The workshop also fostered discussions about the complexity of management when fire can be both a threat and a tool. Because fire manifests differently in different biomes, well-managed fires look different for each community.
“On the final day, we had a discussion of values. Is fire good or bad? For whom—ants, forests, human health?” said Dr. Machado. “You can’t just criminalize fire if it’s a part of traditional knowledge and used as a tool for providing food, for example. So it’s a complex issue.”
Dr. Machado hopes the conversations will continue. She says the goal would be to host this workshop again to expand its reach, potentially beyond Brazil to include participants in other Amazonian countries.
The first designated Indigenous land in Brazil, Território Indígena do Xingu (TIX), has been cited by studies for decades as a successful buffer against the deforestation, degradation, and fires that plague other parts of the Amazon. A recent study, co-authored by Dr. Divino Silvério, Professor at the Universidade Federal Rural da Amazônia, and Dr. Marcia Macedo, Woodwell Water Program Director, shows that fire regimes are changing in the Xingu region, leading to more forest loss and degradation.
The paper shows roughly 7 percent of the TIX has been degraded by drought and fire. Degradation is part of a feedback loop wherein damaged forests become drier and more susceptible to burning in future fires.
“I remember when I started my Ph.D., a 2006 paper showed that Indigenous lands were extremely effective fire breaks—the Xingu just never saw fire. Climate change has completely changed that story,” said Dr. Marcia Macedo.
Indigenous communities in the TIX have been managing the rainforest for centuries with finely adapted slash and burn cycles that create space for agriculture and promote the growth of natural species used in construction, medicine, and cooking. These cycles can last three to four decades before an area is burned again. Traditionally, burns were well controlled and the rainforests surrounding burned areas were healthy enough to prevent flames from escaping.
But over the past two decades, the paper observed, escaped fires have occurred more often within the reserve and the likelihood that forest is lost post-fire is rising, particularly in seasonally flooded forests. Indigenous management practices have not changed significantly, the paper explains, so why the increased prevalence of fire and degradation?
Climate change is drying out forests, making them more susceptible to escaped burning from management practices. The other factor driving degradation within the territory is growing population. Indigenous communities are becoming less nomadic, and village populations are rising, increasing the area of forest used for subsistence. Degradation was higher in areas surrounding villages.

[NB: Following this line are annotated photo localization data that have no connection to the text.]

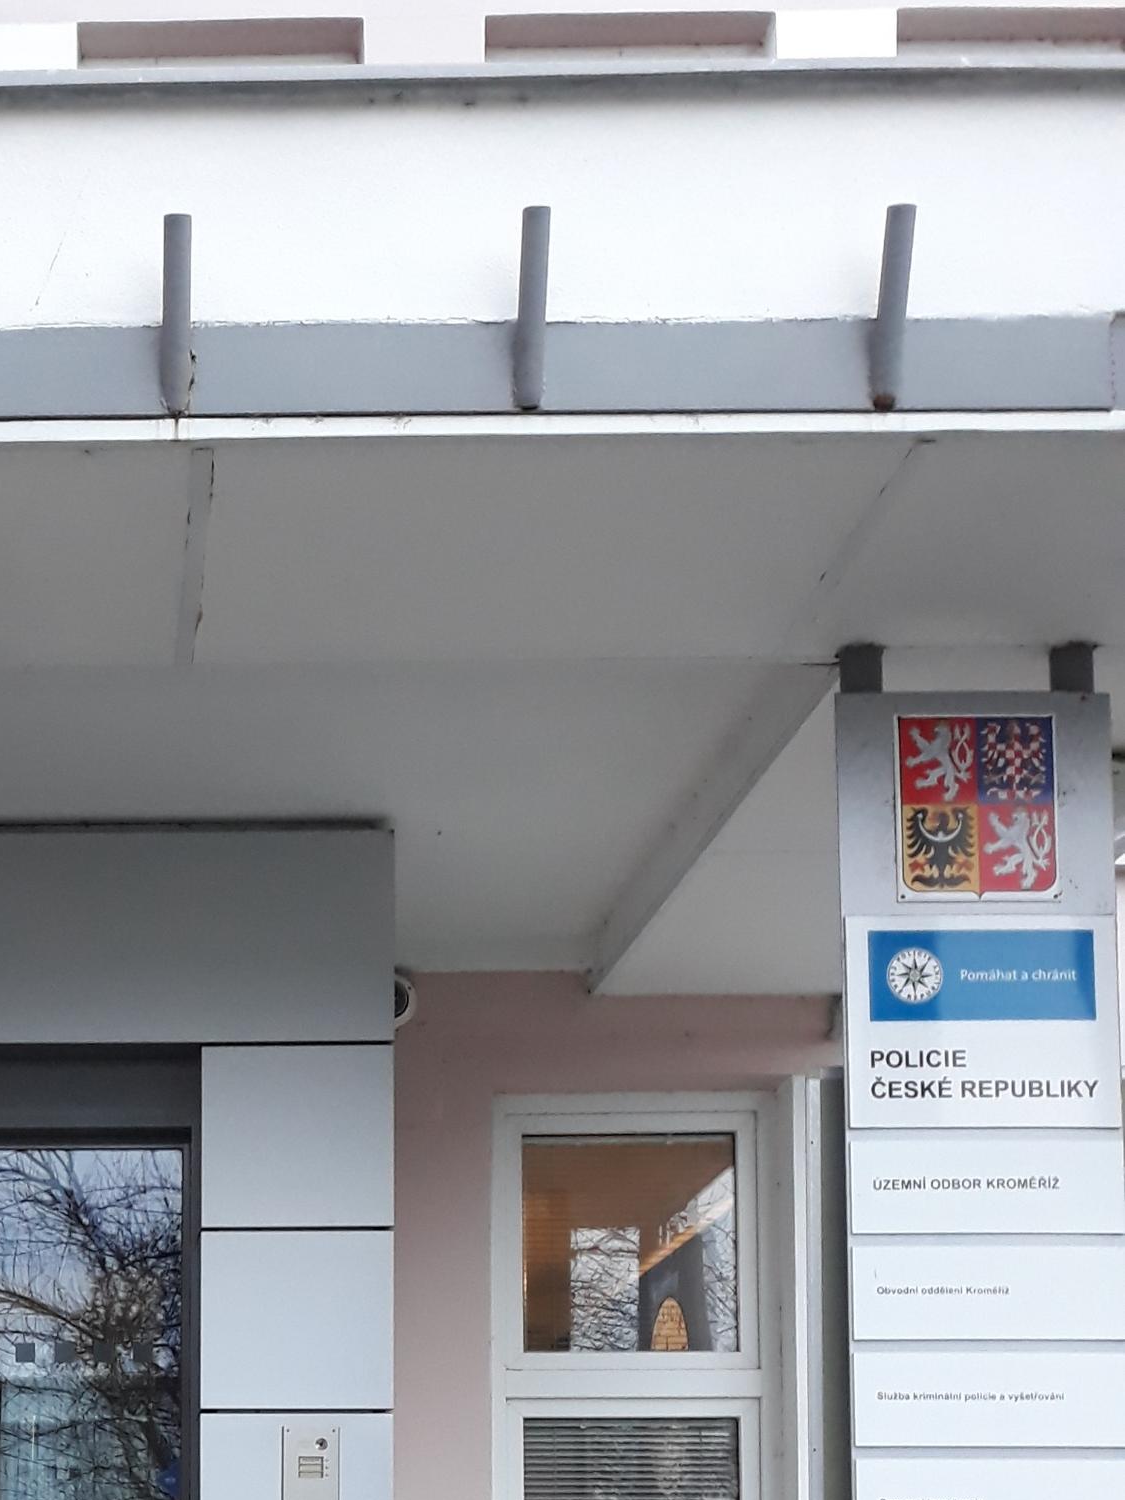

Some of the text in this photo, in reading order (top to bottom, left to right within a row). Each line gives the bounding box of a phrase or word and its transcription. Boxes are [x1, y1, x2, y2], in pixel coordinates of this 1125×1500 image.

[960, 969, 1077, 981] Pomáhat a chránit
[870, 1050, 967, 1068] POLICIE
[871, 1076, 1099, 1099] ČESKÉ REPUBLIKY
[873, 1176, 1060, 1190] ÚZEMNÍ ODBOR KROMĚŘÍŽ
[876, 1286, 1010, 1295] Obvodní oddělení Kroměříž
[877, 1391, 910, 1401] Služba
[913, 1391, 962, 1401] kriminální
[964, 1391, 996, 1403] policie
[1008, 1391, 1065, 1403] vyšetřování

“The way Indigenous people manage fire has stayed the same, but we now have a different climate,” said Dr. Divino Silvério. “Indigenous people have been in these regions for many decades or centuries. And all this time they have had their own fire management to produce food that usually doesn’t end in these huge forest fires.”

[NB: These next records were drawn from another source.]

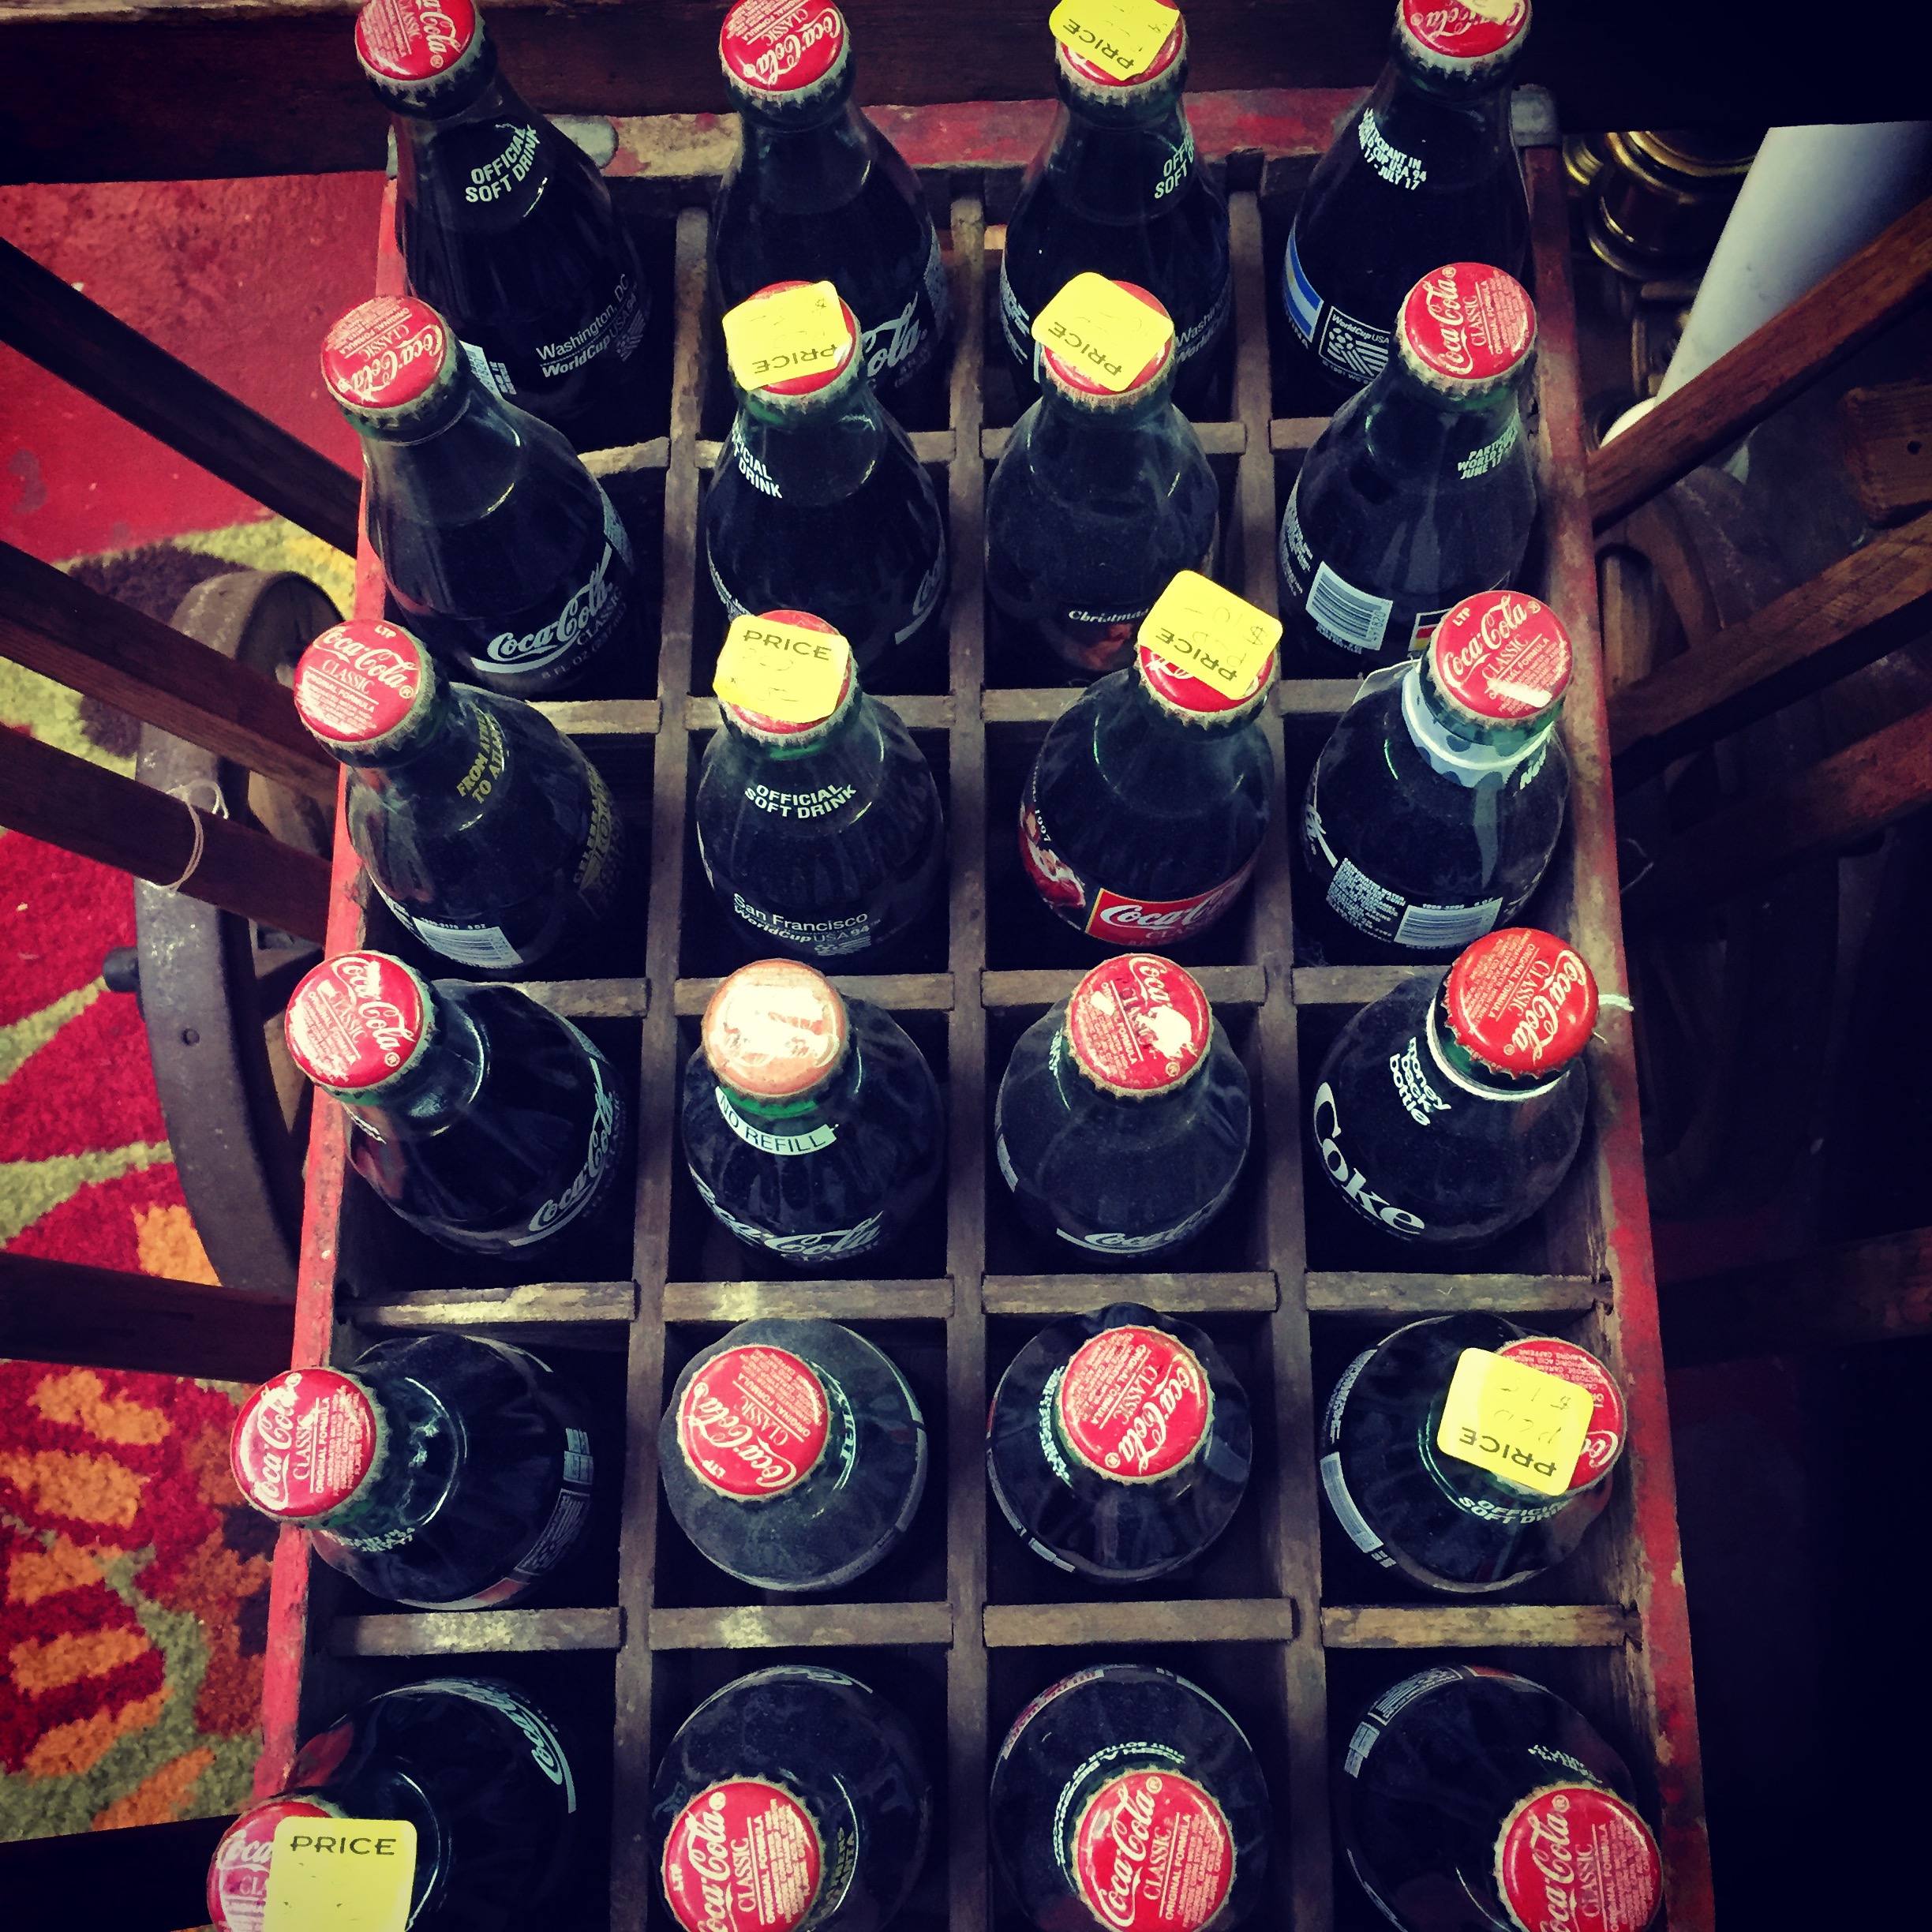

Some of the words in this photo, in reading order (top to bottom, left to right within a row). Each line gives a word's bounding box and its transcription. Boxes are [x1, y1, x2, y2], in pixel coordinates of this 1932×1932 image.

[762, 9, 809, 46] CLASSIC
[1063, 18, 1134, 69] PRICE
[465, 178, 515, 203] SOFT
[513, 124, 541, 182] DRINK
[471, 126, 528, 185] OFFICIAL
[1389, 159, 1409, 177] USA
[1413, 170, 1427, 182] 94
[1408, 157, 1421, 170] IN
[1155, 159, 1187, 199] SOFT
[1378, 166, 1402, 185] JULY
[1406, 178, 1420, 190] 17
[536, 304, 618, 361] Washington,
[613, 273, 630, 302] DC
[1331, 314, 1373, 341] WorldCup
[1371, 331, 1391, 345] USA
[1462, 295, 1486, 346] CLASSIC
[358, 324, 410, 362] CLASSIC
[541, 335, 611, 377] WorldCup
[608, 309, 629, 339] USA
[752, 343, 837, 374] PRICE
[1047, 320, 1122, 376] PRICE
[738, 455, 783, 499] DRINK
[1458, 452, 1496, 472] WORLD
[1461, 466, 1488, 480] JUNE
[374, 624, 396, 638] LTP
[1452, 607, 1470, 626] LTP
[743, 630, 831, 661] PRICE
[1155, 626, 1238, 682] PRICE
[1481, 634, 1531, 683] CLASSIC
[1517, 638, 1549, 669] FORMULA
[321, 659, 373, 694] CLASSIC
[337, 688, 374, 712] FORMULA
[456, 751, 489, 797] FROM
[472, 779, 492, 804] TO
[744, 787, 792, 818] SOFT
[797, 784, 857, 820] DRINK
[755, 784, 843, 807] OFFICIAL
[1035, 809, 1053, 843] 1997
[733, 893, 767, 921] San
[773, 912, 869, 933] Francisco
[733, 904, 813, 944] WorldCup
[812, 930, 850, 943] USA
[1510, 943, 1535, 978] ORIGINAL
[1488, 979, 1514, 1017] FORMULA
[1507, 960, 1550, 1016] CLASSIC
[1513, 950, 1587, 1065] Coca-Cola
[1116, 1022, 1136, 1064] FORMULA
[1388, 1052, 1432, 1126] bottle
[1401, 1054, 1435, 1114] back
[1407, 1035, 1453, 1112] money
[719, 1094, 739, 1129] NO
[744, 1125, 827, 1153] REFILL
[1313, 1081, 1426, 1235] Coke
[738, 1373, 775, 1406] FORMULA
[1090, 1383, 1121, 1424] FORMULA
[1113, 1365, 1157, 1424] CLASSIC
[740, 1395, 788, 1446] CLASSIC
[776, 1403, 811, 1437] ORIGINAL
[688, 1397, 796, 1488] Coca-Cola
[1458, 1425, 1559, 1477] PRICE
[315, 1447, 326, 1493] ORIGINAL
[702, 1459, 726, 1479] LTP
[1458, 1496, 1518, 1525] SOFT
[290, 1835, 397, 1856] PRICE
[1099, 1784, 1157, 1927] Coca-Cola
[1144, 1826, 1171, 1900] CLASSIC
[669, 1863, 683, 1891] LTP
[730, 1837, 756, 1911] CLASSIC
[1165, 1870, 1181, 1919] ORIGINAL
[1174, 1814, 1191, 1866] FORMULA
[1576, 1844, 1600, 1917] CLASSIC

Climate change will force Indigenous communities within the reserve to adapt traditional practices to protect the forest against more frequent, intensifying fires—despite these communities not contributing to global emissions.

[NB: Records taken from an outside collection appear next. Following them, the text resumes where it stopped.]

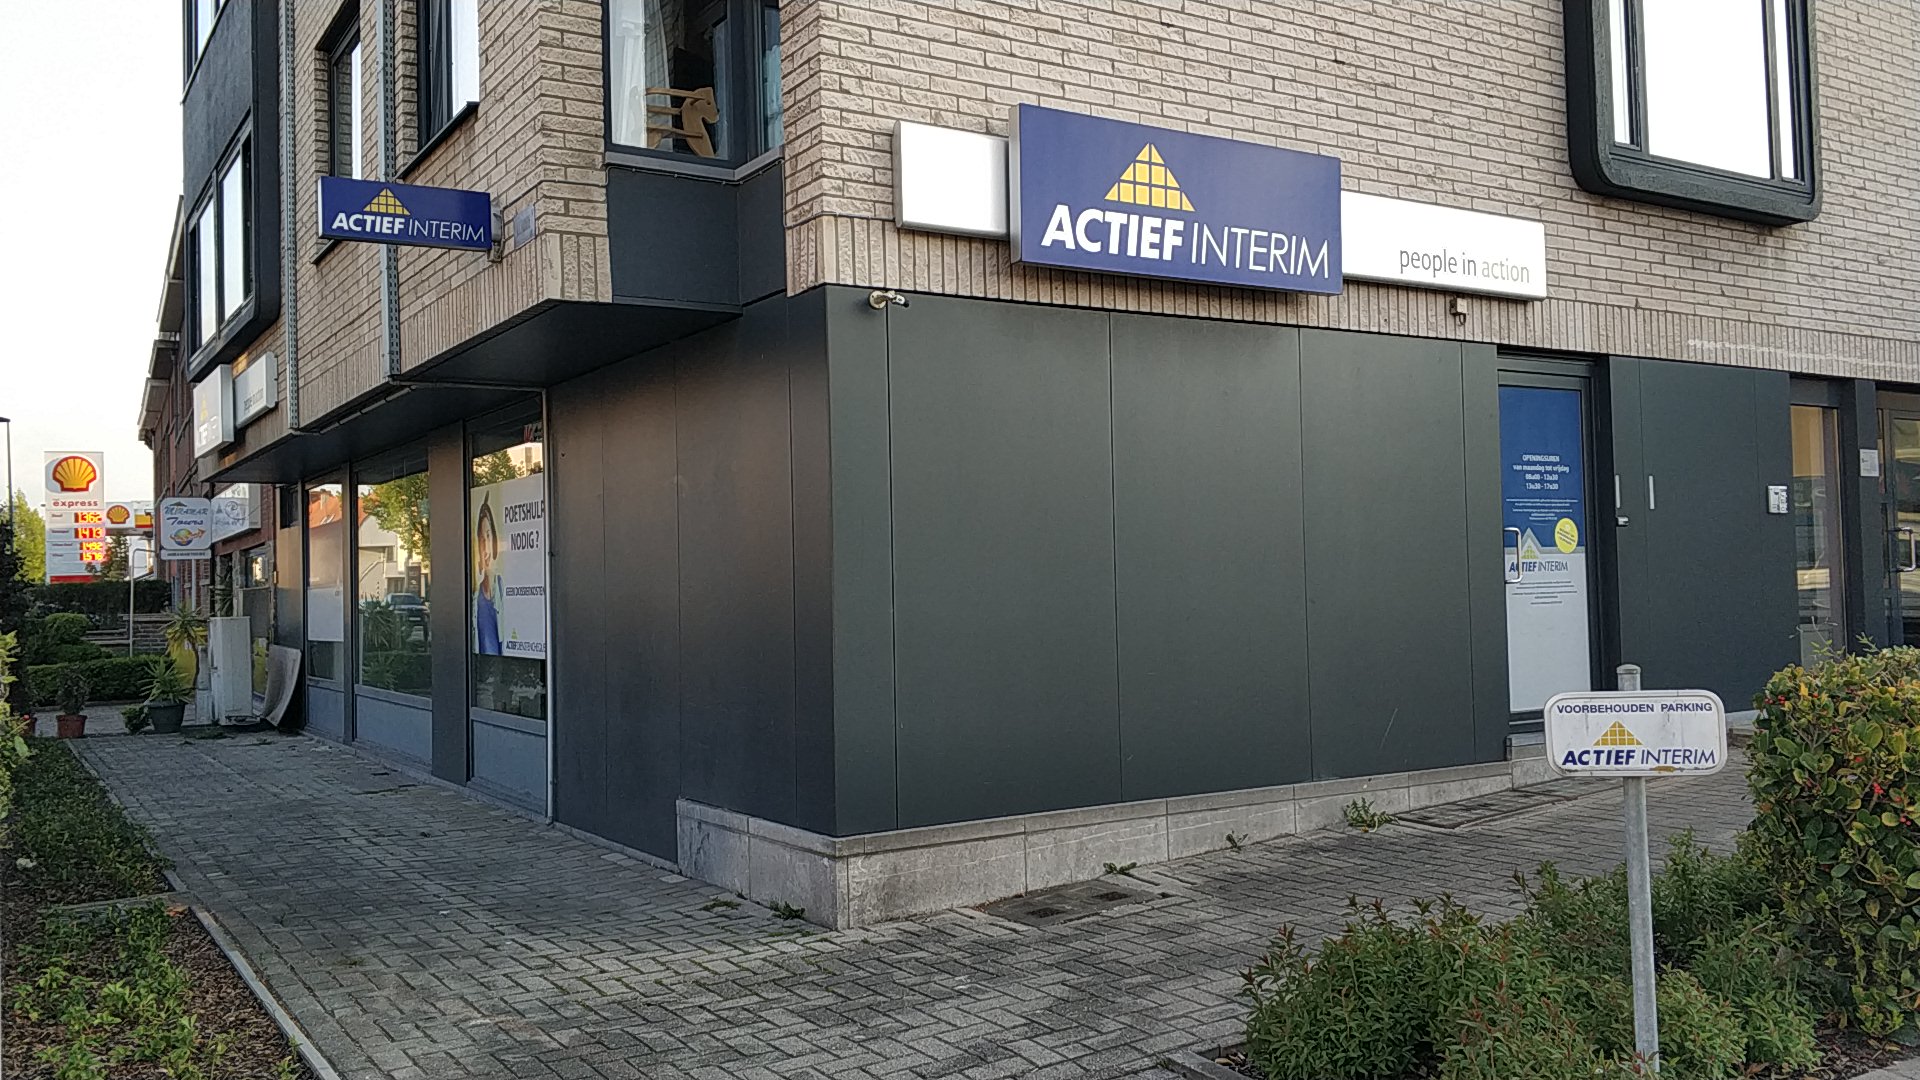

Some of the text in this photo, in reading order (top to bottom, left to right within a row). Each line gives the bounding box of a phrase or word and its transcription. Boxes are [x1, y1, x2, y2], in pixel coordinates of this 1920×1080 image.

[331, 212, 485, 242] ACTIEF INTERIM
[1040, 203, 1329, 279] ACTIEF INTERIM
[1400, 249, 1530, 284] people in action
[52, 500, 98, 508] express
[510, 532, 534, 551] NODIG
[1538, 560, 1568, 572] INTERIM
[1556, 702, 1713, 714] VOORBEHOUDEN PARKING
[1561, 748, 1716, 766] ACTIEF INTERIM

Previous attempts to manage increasing fires through prescribed burning have clashed with the needs of residents of the TIX. Burning at a different time of year does not cultivate the same species, and residents were concerned it was jeopardizing the growth of plants used for medicine.
Dr. Silvério is working with residents of the Xingu to understand how to integrate changes to fire management practices with traditional strategies in a way that supports community needs. One example, he said, could be shifting the primary construction material from grasses (that grow after fire) to palms.
“Indigenous people will probably need to learn how to live in this new reality, an environment with more drought and more fires. We are trying to work in a participative way to construct solutions with them.”